Del mismo modo, según los datos aportados en el estudio sobre el Diagnóstico de la Situación del Lobo en Castilla y León (2002), desde 1988, el lobo ha recolonizado un área de unos 19.700 km2 al sur del Duero. Esta expansión es consecuencia de la saturación de la población en la llanura cerealista y de la consiguiente formación de manadas reproductoras al sur del  río Duero. La población de esta zona tiene en la actualidad una densidad muy baja, pero es previsible que aumente en el futuro y que la población continúe su expansión hasta colonizar al menos la mayor parte de las provincias de Segovia v Soria y una parte de Ávila.

En definitiva. el estudio de Llaneza y Blanco aporta una cifia orientativa del número de lobos en Castilla y León, pudiendo haber entre 1000 y 1500 lobos. Aunque estas estimaciones son imprecisas, el aumento de densidad en la llanura cerealista y  la expansión del área de distribución desde 1988 reflejan de forma inequívoca un aumento del número de lobos en esta Comunidad. Ante esta halagüeña situación, los autores subrayan que es imprescindible conservar y gestionar adecuadamente la población de lobos de Castilla y León, ya que es mayor que la de otras comunidades autónomas españolas y que la de cualquier país de Europa occidental.
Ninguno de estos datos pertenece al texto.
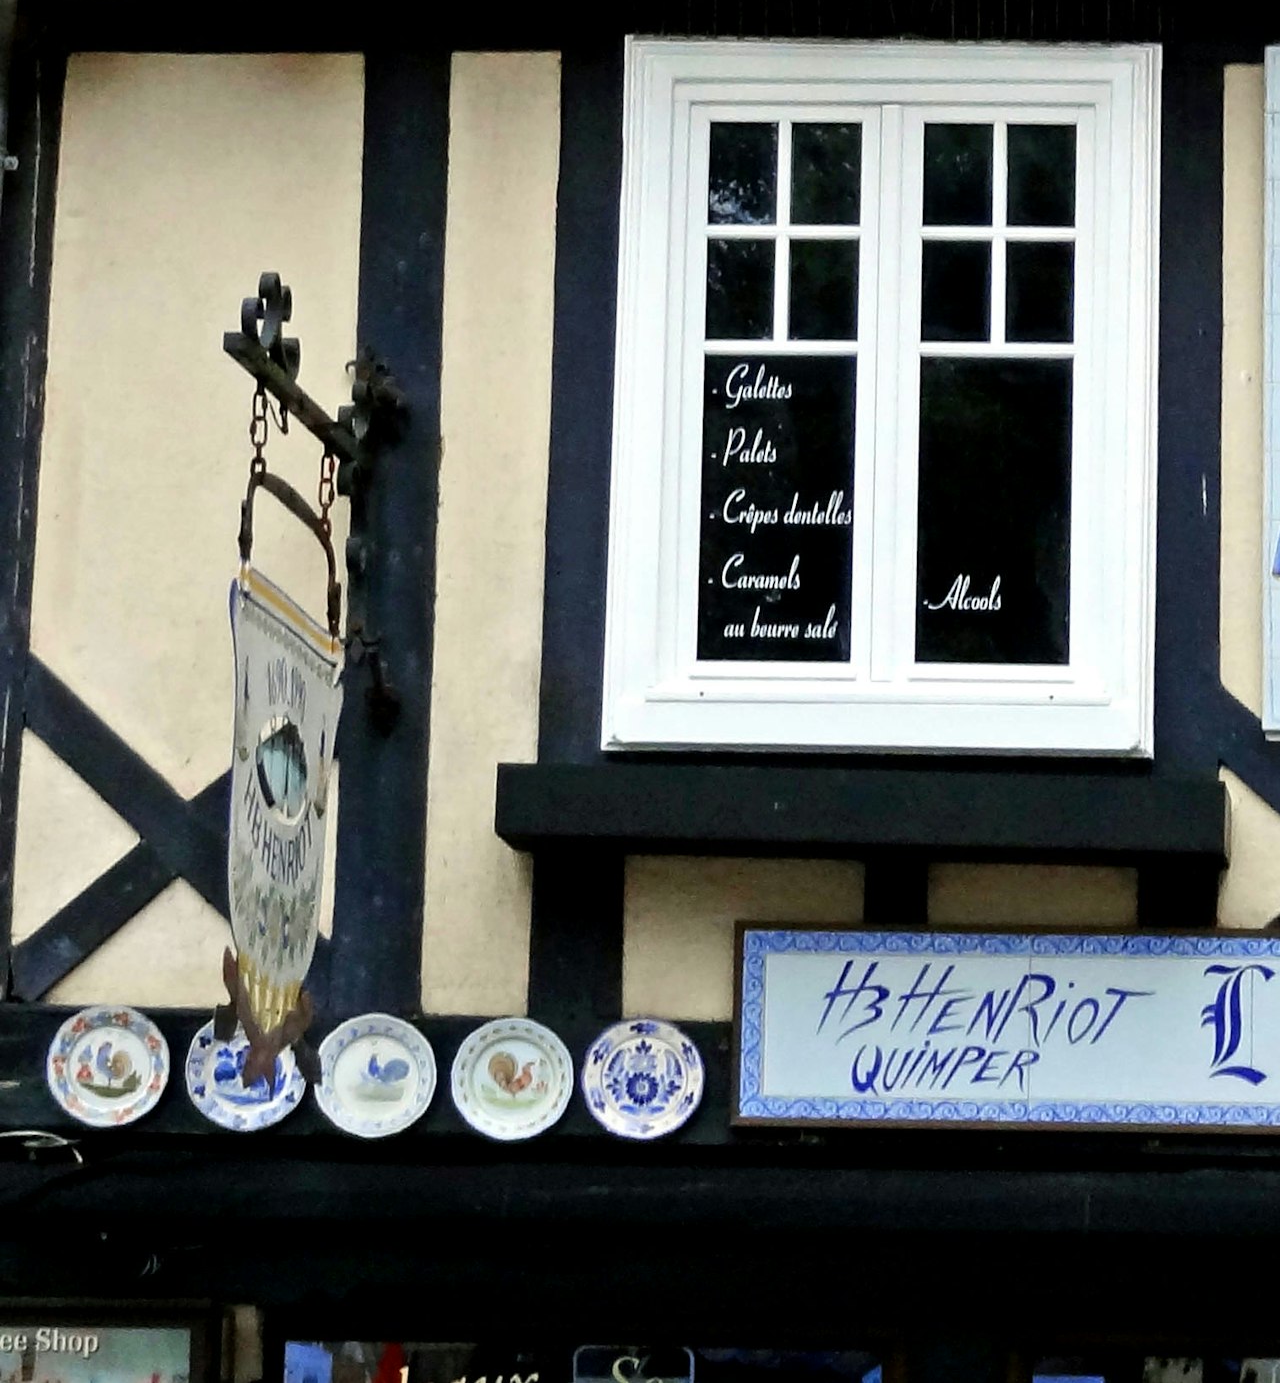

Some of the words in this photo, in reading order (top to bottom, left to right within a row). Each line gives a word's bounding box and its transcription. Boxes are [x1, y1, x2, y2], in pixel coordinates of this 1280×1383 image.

[725, 364, 792, 408] Galettes
[723, 427, 777, 466] Palets
[722, 489, 778, 534] Crêpes
[783, 489, 852, 525] dentelles
[721, 553, 801, 590] Caramels
[928, 573, 1002, 611] Alcools
[723, 622, 745, 638] au
[750, 605, 800, 638] beurre
[804, 602, 838, 639] salé
[35, 1327, 99, 1359] Shop
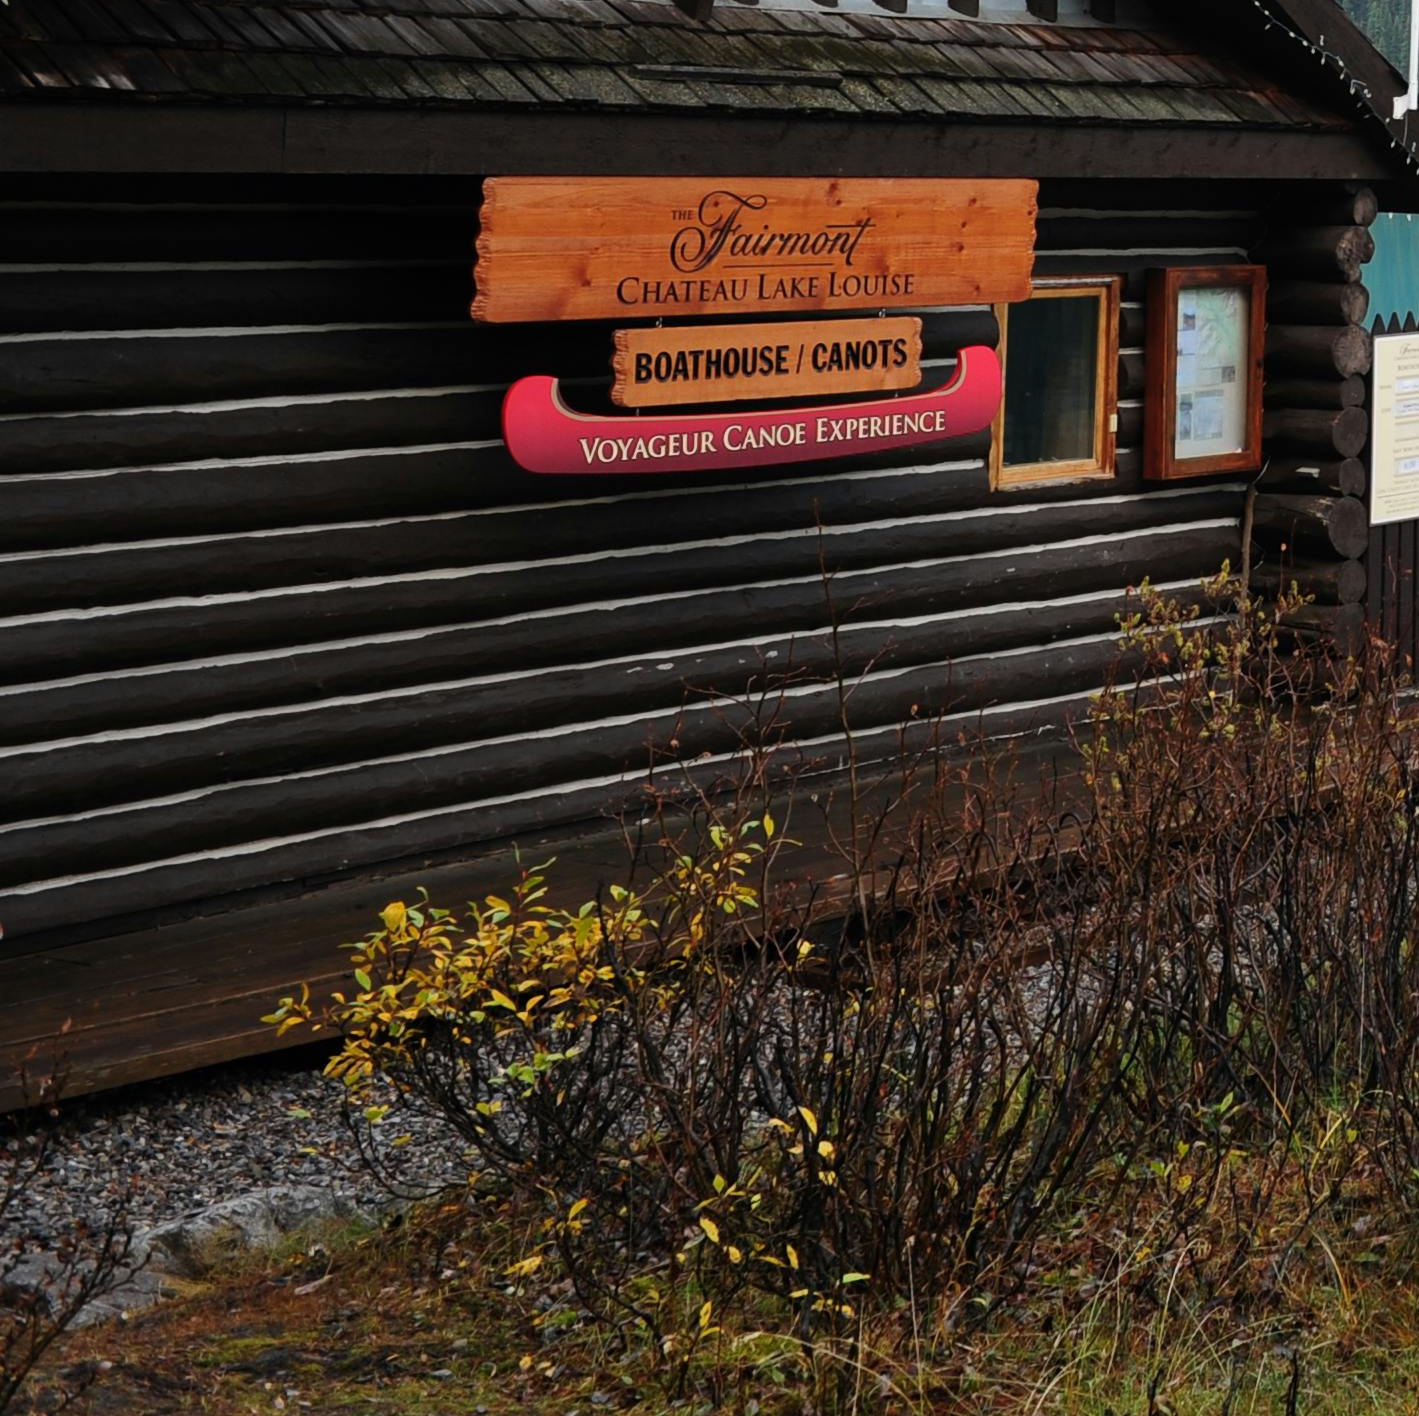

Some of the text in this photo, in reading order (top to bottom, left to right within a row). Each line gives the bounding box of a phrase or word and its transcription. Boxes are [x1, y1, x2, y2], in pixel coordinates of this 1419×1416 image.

[670, 190, 877, 273] THE Fairmont
[616, 271, 915, 305] CHATEAU LAKE LOUISE
[634, 338, 908, 384] BOATHOUSE / CANOTS
[579, 410, 947, 464] VOYAGEUR CANOE EXPERIENCE
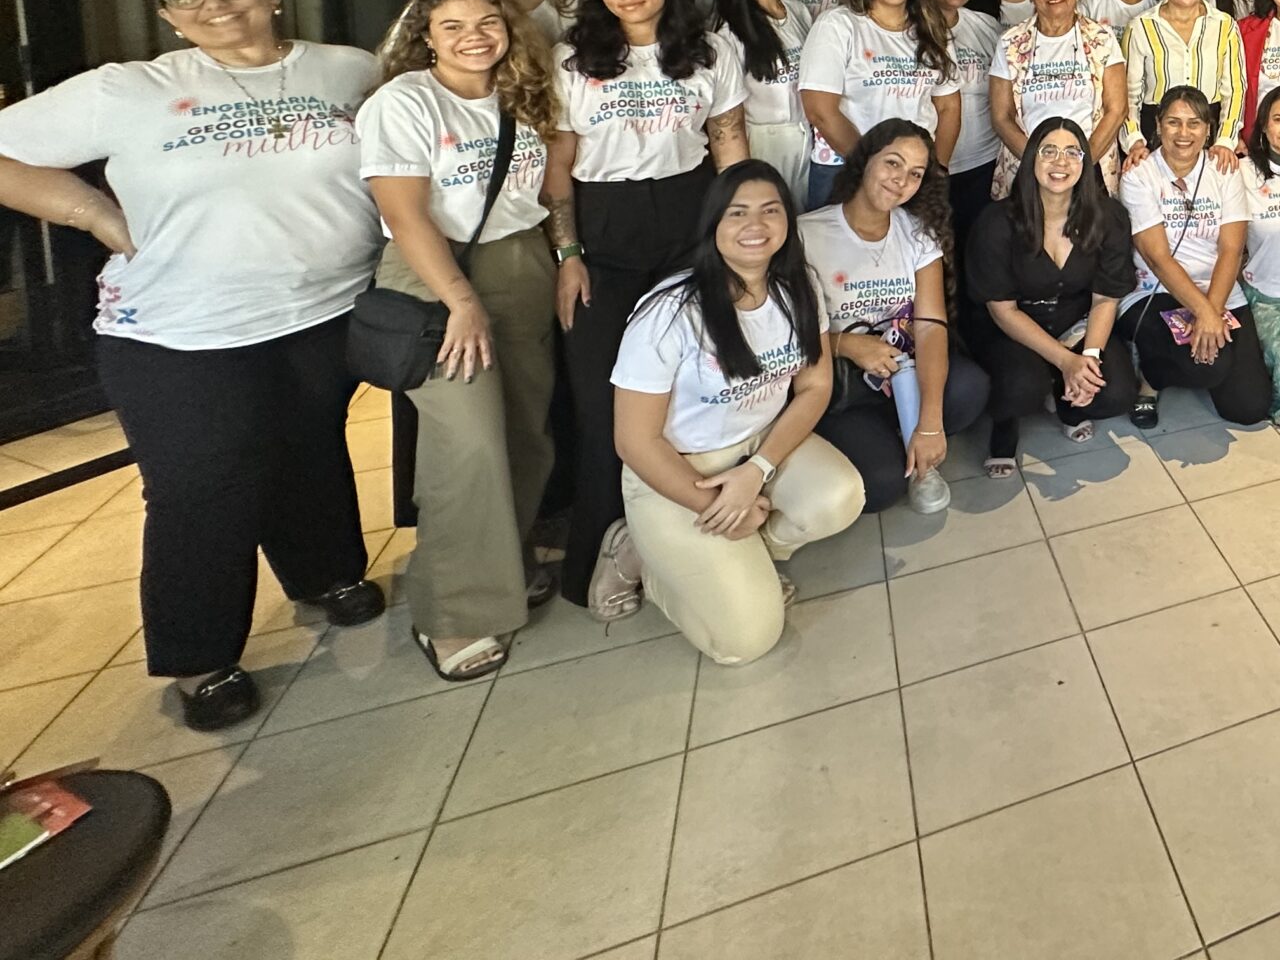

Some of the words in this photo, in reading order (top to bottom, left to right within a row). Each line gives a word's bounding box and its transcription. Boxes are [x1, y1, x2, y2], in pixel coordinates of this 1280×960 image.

[884, 77, 917, 86] COISAS
[1028, 81, 1066, 92] COISAS
[1075, 79, 1087, 87] DE
[600, 96, 686, 111] GEOCIÊNCIAS
[589, 110, 613, 126] SÃO
[616, 108, 662, 118] COISAS
[675, 104, 690, 114] DE
[163, 135, 206, 152] SÃO
[312, 118, 337, 129] DE
[441, 173, 474, 187] SÃO
[1260, 211, 1276, 220] SÃO
[1207, 219, 1217, 227] DE
[840, 295, 912, 312] GEOCIÊNCIAS
[852, 306, 891, 318] COISAS
[700, 395, 731, 406] SÃO
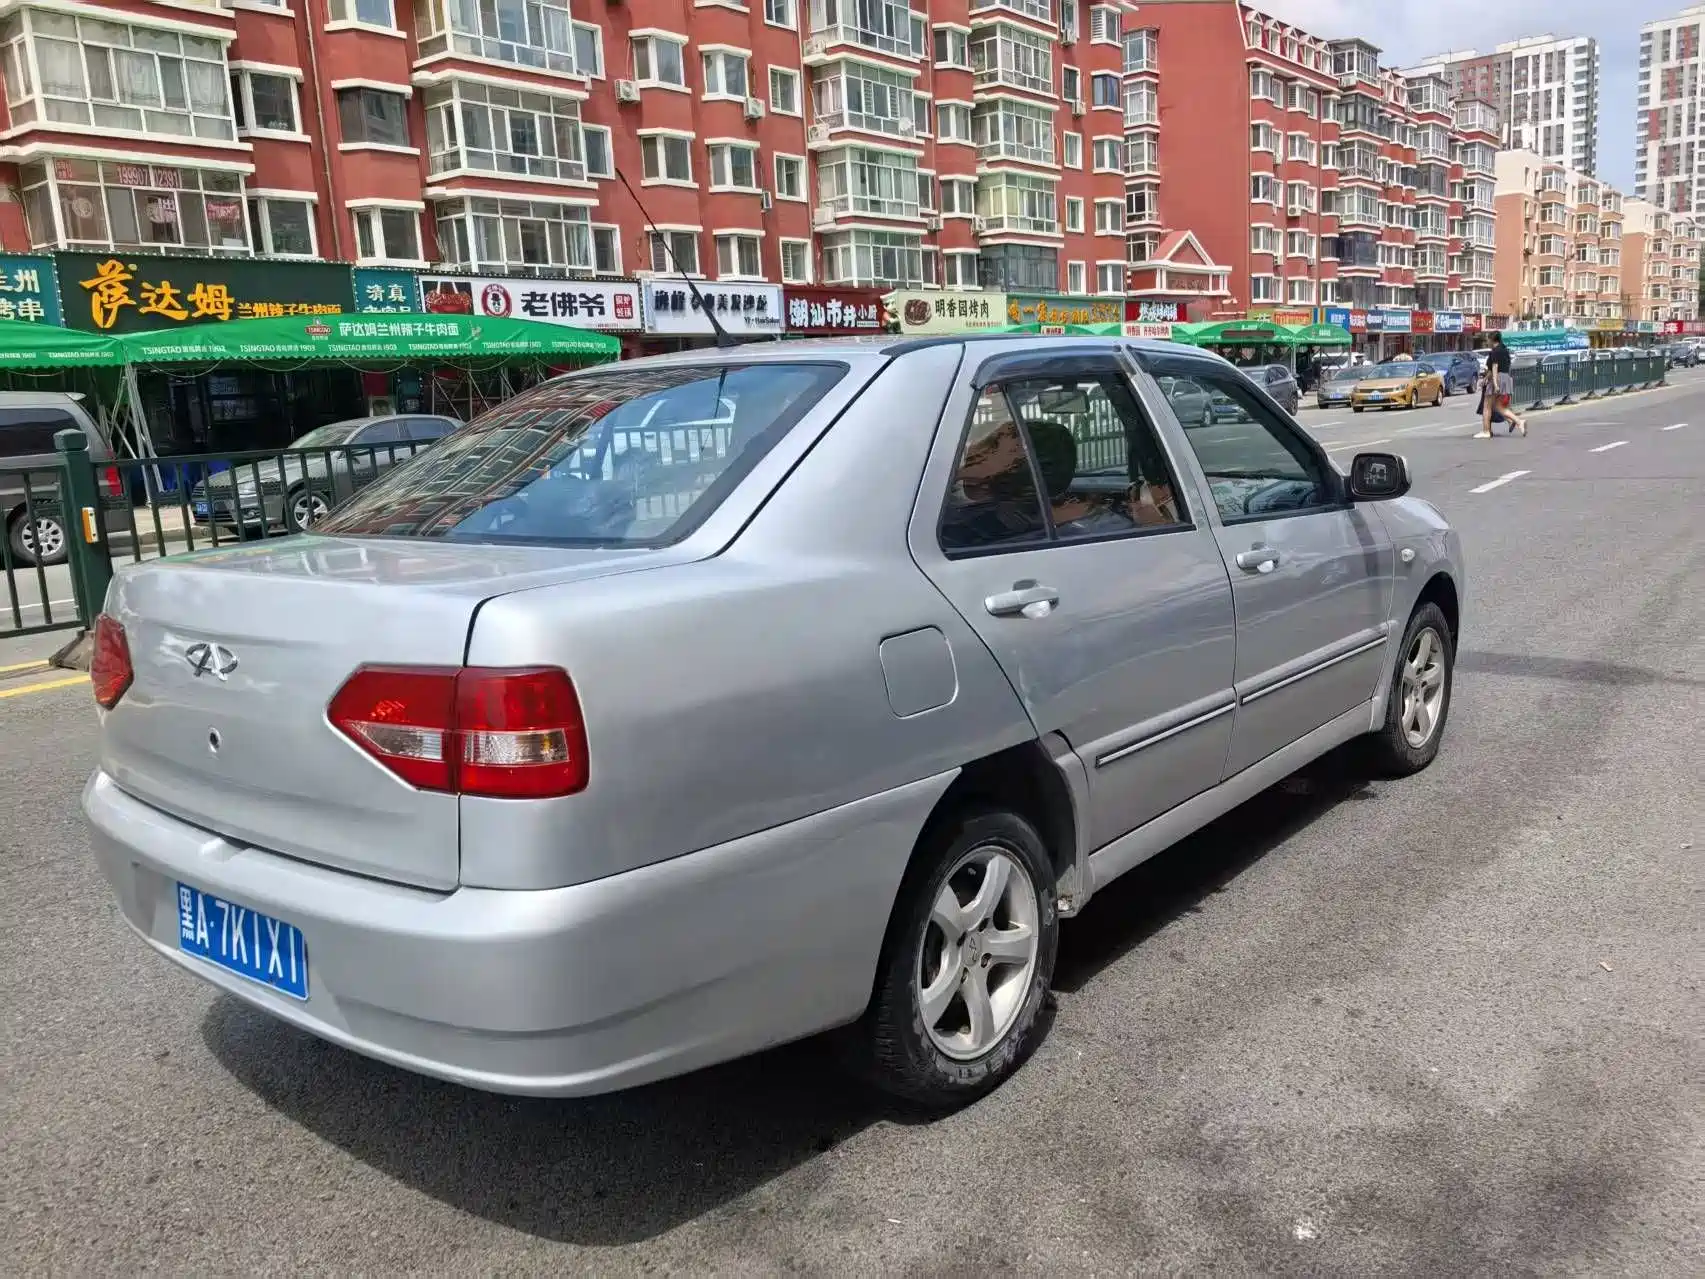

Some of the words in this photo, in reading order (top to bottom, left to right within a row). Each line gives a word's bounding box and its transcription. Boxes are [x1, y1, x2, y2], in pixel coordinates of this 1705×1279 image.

[79, 258, 235, 329] 萨达姆
[365, 283, 407, 302] 清真
[520, 291, 605, 317] 老佛爷
[934, 298, 989, 319] 明香园烤肉
[143, 345, 182, 356] TSINGTAO
[239, 344, 276, 353] TSINGTAO
[299, 343, 316, 352] 1903
[327, 343, 361, 353] TSINGTAO
Continuando al sur del Duero, en 1988 existían poblaciones residuales en la sierra de Gata (Salamanca), la sierra de San Pedro (Extremadura) y Sierra Morena. Por partes, en el núcleo de la sierra de Gata, tal y como se refleja en el Diagnóstico de la Situación del Lobo en Castilla v León (2002) de Llaneza y Blanco, el lobo ha desaparecido como reproductor,aunque parece haber presencia ocasional de lobos a lo largo de la frontera con Portugal.

Con respecto a las poblaciones de la sierra de San Pedro, en los últimos años las noticias sobre los lobos en Extremadura son cada vez más escasas, lo que sugiere que podrían haberse extinguido. En cuanto a los lobos de Sierra Morena, en la actualidad la mayoría parece concentrarse en Andalucía. Tanto Blanco como Cortés no creen en la existencia de manadas criando en Ciudad Real aunque se han observado con cierta frecuencia ejemplares aislados. Como conclusión,aunque existe una pequeña población reproductora en Sierra Morana, su situación sigue siendo crítica.

En España y, en concreto en los medios humanizados, la principal fuente de mortalidad del lobo es el hombre. En estas áreas, la tasa de mortalidad suele ser proporcional a la magnitud de los conflictos con el ganado o con especies cinegéticas. Las poblaciones que viven en zonas, de montaña, donde los daños al ganado extensivo son unas diez veces superiores que en áreas de llanura, sufren una mortalidad más elevada.

Para conocer la situación y las tendencias del lobo, tal y como aseguran los autores, es necesario querer conocer la situación y las tendencias del lobo. "Todos podemos tener visiones distintas de la gestión del lobo, pero a la hora de abordar estudios científicos no caben intenciones ambiguas: la búsqueda de la verdad y la máxima objetividad son cuestiones innegociables. Cualquier persona que falsee, maquille o manipule datos debería ser excluido de los círculos científicos de conservación. Del mismo modo, las campañas de información falsa deben denunciarse de inmediato ante la opinión pública", aseguran Juan Carlos Blanco y Yolanda Cortes.